VISAO MISAO OBJECTIVO HAKSESUK BOLA FH KKN HOME FH LPV ARTIGOS FH MUZIKA LIA MENON FH RESPONDE

20160711

Vale Historian Antonio Vicente Marques Soares

Vale Historian 
Antonio Vicente Marques Soares

Antonio Vicente Marques Soares
Timor has lost one of its great historians Antonio Vicente Marques Soares. Born on 24 June 1947 in Lacluta, Senhor Soares passed away in Dili on 5 June 2016. He was buried in Viqueque.

Timor  telah kehilangan salah satu sejarahwannya yang besar Antonio Vicente Marques Soares. Beliau dilahirkan pada tanggal 24 Juni 1947 di Lacluta, meninggal dunia di Dili pada 5 Juni 2016, dan dikebumikan di Viqueque.

Antonio Vicente Marques Soares, Ossu, November 2010.

The memorials below are written separately in English/Indonesian and Indonesian/Tetum Terik by two academics from the University of Melbourne (Dr Lisa Palmer and Dr Balthasar Kehi) in homage to Senhor Soares’ exceptional contribution to knowledge of the history and cultural of island Timor.

Author of Pulau Timor:Sebuah Sumbangan Untuk Sejarahnya (Baucau: Edicao Tipografia Diocesana Baucau, 2003), Senhor Soares began his work as a historian of Timor in the 1970s working with the Portuguese anthropologist Luis Filipe R Thomaz. What made his historical work so unique was that his detailed understanding of historical sources was combined with an equally detailed understanding and appreciation of local oral histories, particularly those emanating from his home district of Viqueque.
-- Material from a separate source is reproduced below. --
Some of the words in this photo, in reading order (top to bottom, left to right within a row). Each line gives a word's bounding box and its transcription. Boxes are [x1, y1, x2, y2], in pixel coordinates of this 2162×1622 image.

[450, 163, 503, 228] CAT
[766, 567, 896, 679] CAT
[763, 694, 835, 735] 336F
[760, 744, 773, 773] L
A respected lia nain from Uma Tolu in Lacluta, in the mid 1980s he served as the Sub-District Administrator of Lacluta before going on to become a member of Viqueque District Parliament. In the independence era, he taught history and culture at the Diocese of Baucau which is where I first met him in March 2006. In the subsequent decade, as I researched people’s connections to water and each other across the east, Senhor Soares was a unparalleled and constant source of historical and cultural knowledge and advice. For this, I am deeply grateful and indebted. In December 2006 Senor Antonio visited us at the University of Melbourne as a part of an East Timorese delegation contributing to a UNESCO/East Timor Museum-to-Museum Partnership Programme.  There he delivered an inspired presentation on the deep significance of Tetum marriage rituals and practices. It was his dream that his knowledge in this area might one day form the basis of a touring theatre performance, educating people about and keeping alive these profoundly significant practices.
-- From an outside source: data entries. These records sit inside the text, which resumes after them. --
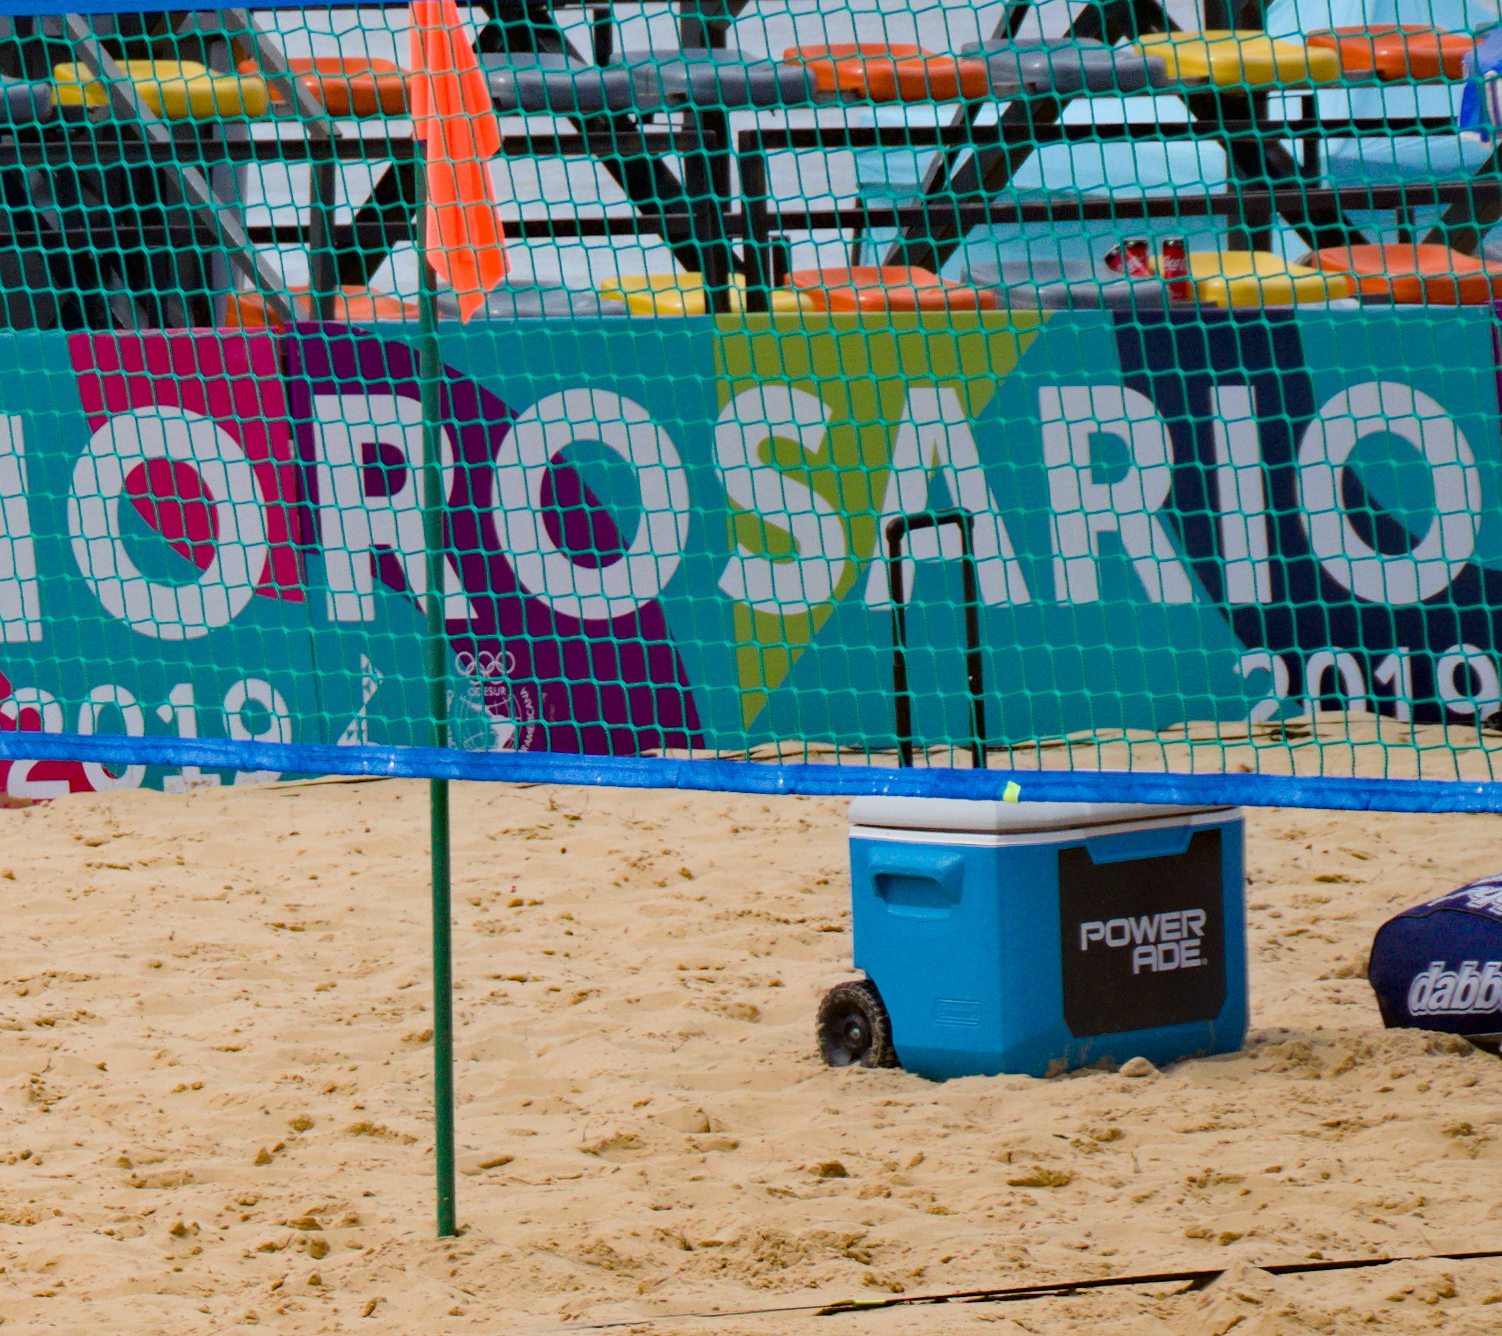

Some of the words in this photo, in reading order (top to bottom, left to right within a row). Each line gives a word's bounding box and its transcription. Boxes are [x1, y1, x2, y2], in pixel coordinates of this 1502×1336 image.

[310, 381, 1482, 623] ROSARIO
[1232, 643, 1502, 725] 2019
[0, 677, 293, 800] 2019
[1079, 907, 1207, 952] POWER
[1132, 938, 1204, 975] ADE
[1408, 960, 1502, 1016] dabb
Video footage of him recorded in Baucau in 2010 reading and translating into Tetum oral histories from dos Santos 1967 book Kanoik: Mitos e Lendas de Timor can be viewed in the Timorese Water Cultures Archive at www.kulturatimorhobee.com 

 Lisa Palmer, School of Geography, University of Melbourne

Berpulangnya Sejarahwan Antonio Vicente Marques Soares

Sebagai penulis buku Pulau Timor: Sebuah Sumbangan Untuk Sejarahnya (Baucau: Edicao Tipografia Diocesana Baucau, 2003), Bapak Soares memulai karyanya sebagai seorang sejarahwan Timor dalam tahun 1970s bersama Budayawan Portugis beranma Luis Filipe R Thomaz. Apa yang membuat karya sejarahnya begitu khas adalah pemahamannya yang terperinci tentang sumber –sumber sejarah lisan setempat khususnya  dari wilayah Kabupaten Viqueque tempat dia berasal. Disamping peranannya sebagai  ketua adat (lia nain) dari Uma Tolu di Lacluta, dalam pertengahan tahun 1980an dia melayani masyarakat sebagai  Kepala Kecamatan Lacluta sebelum menjadi Anggota DPR Kabupaten Tingkat II Viqueque.  Dalam masa kemerdekaan Timor Timur, dia mengajar sejarah dan kebudayaan di Keuskupan  Baucau. Disanalah saya pertama kali bertatap muka dengan beliau  dalam tahun 2006. Sejak itu hampir satu dasawarsa lamanya saya membuat penelitian tentang hubungan manusia dengan air di bagian timur dari Timor Leste. Dan Bapak Soares merupakan nara sumber yang khas dan berkelanjutan menyangkut sumber pengetahuan dan saran-saran  sejarah dan budaya  praktis. 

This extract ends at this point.